The need to shift data privacy focus in Sales and Marketing departments to comply with GDPR
GDPR is not only a technical, logistics or an HR compliance issue. Since any GDPR breach deals with reputation, it is not merely a compliance regulation but involves some stakeholders. The correct GDPR implementation provides the organisation with an opportunity to deepen the digital trust and do more with personal data. This is where the smart guys make it as an opportunity for marketers.
Marketing and sales departments are justifiably focused on GDPR, with a May 2018 deadline. Here the technical and HR approach to compliance needs to be supplemented with the general awareness due to the widespread misunderstanding of the collection of data and the uses to which it is put, requires a more disciplined and proactive approach to the data subject.

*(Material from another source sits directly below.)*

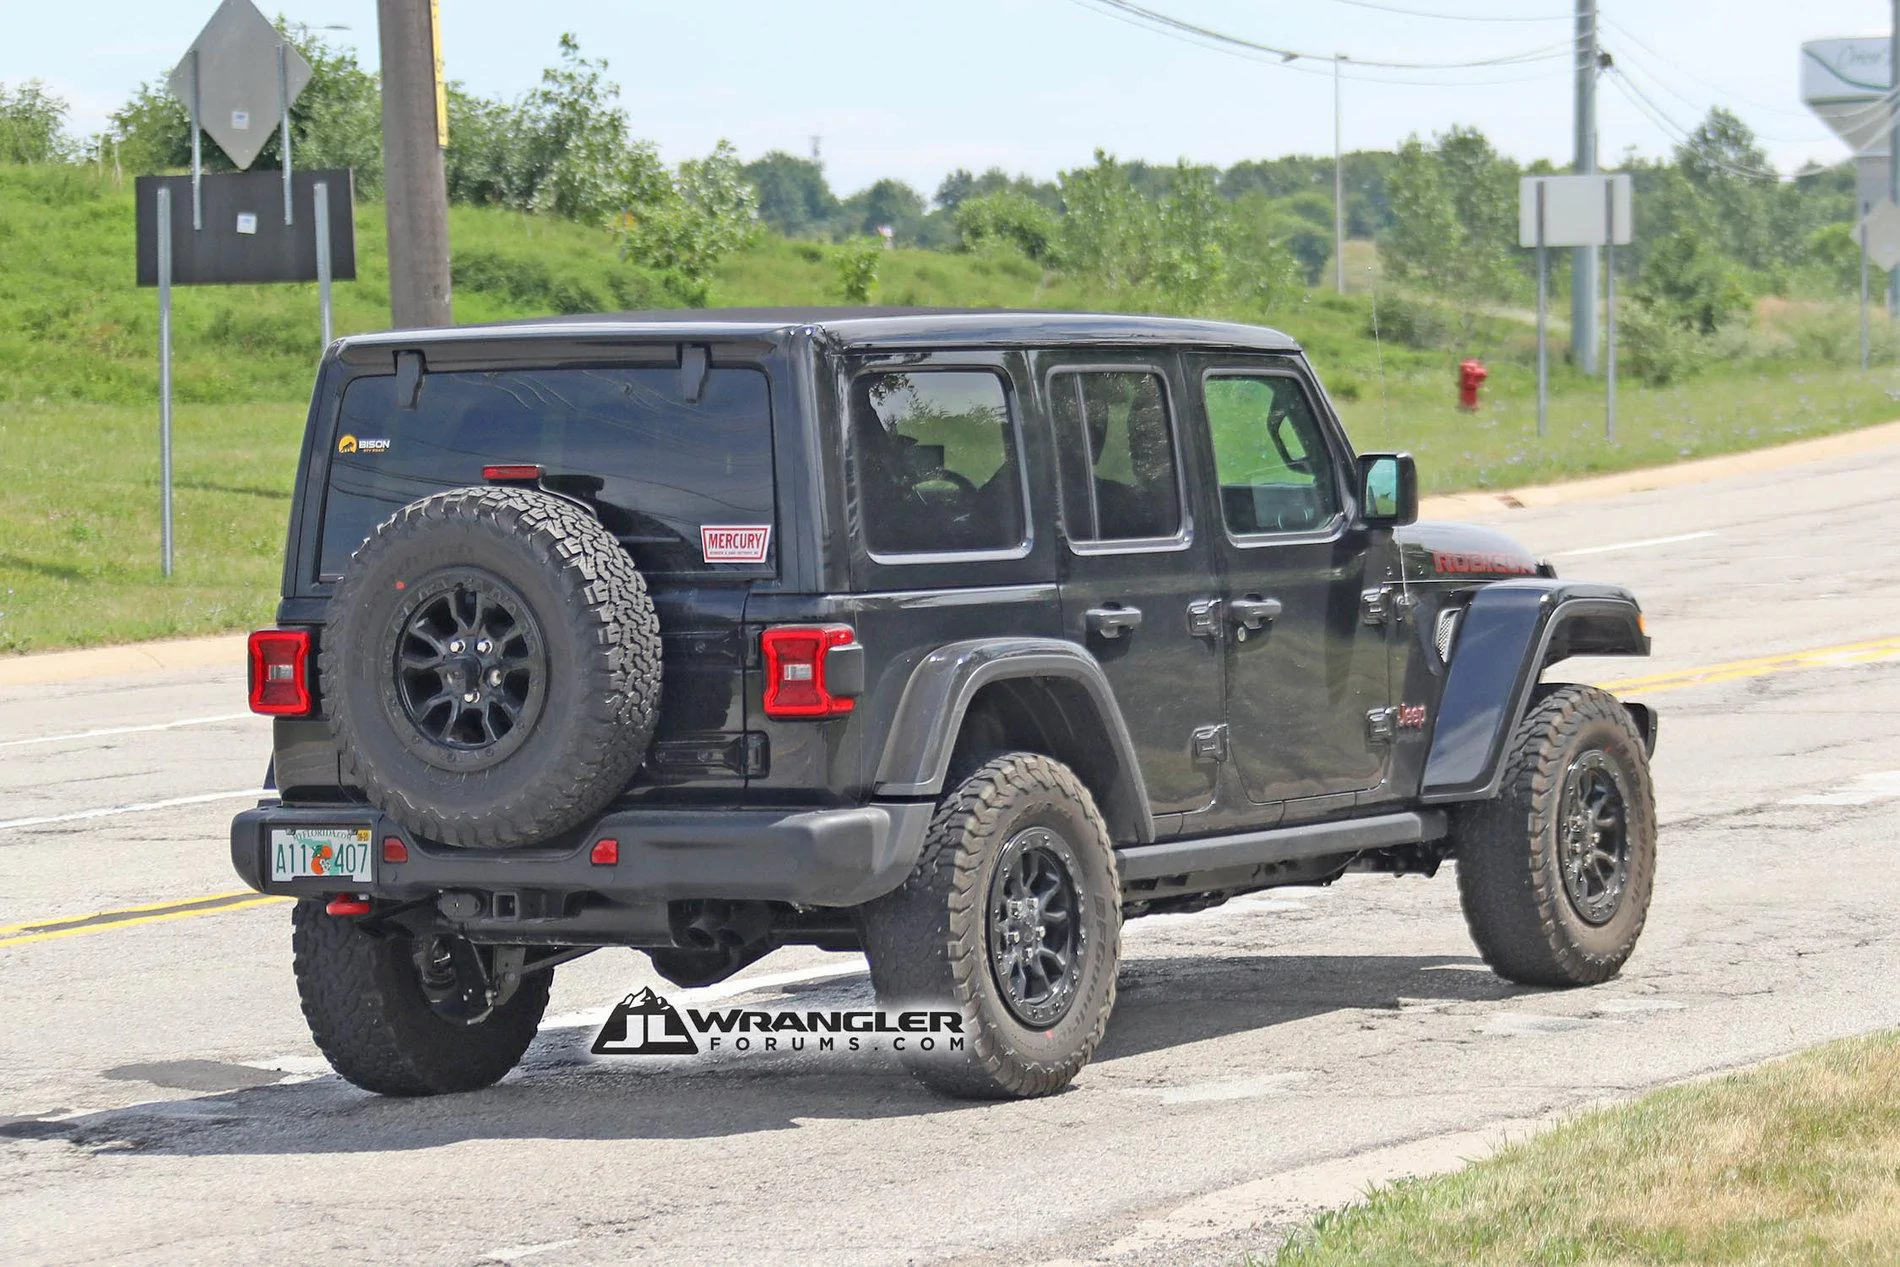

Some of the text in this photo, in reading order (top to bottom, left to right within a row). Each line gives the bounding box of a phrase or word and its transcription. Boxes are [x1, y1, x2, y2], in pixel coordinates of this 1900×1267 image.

The audits can reveal where the data is possessed and used:
- 18% of audit respondents understood what information was being gathered for
- 60% wanted ads and online experiences to be more relevant to their personal needs.
- 48% accepted the use of their anonymous data if it kept online sites free and wasn’t linked back to the consumer
- 62% were unaware that data gathered is encrypted and cannot be used to identify an individual.
Retargeting and a lack of relevance have resulted in EU consumers becoming fed up with digital ads, and rebuilding trust means learning to respect the EU citizens data privacy space. Consumers hate being followed for years after they have shown an interest in buying.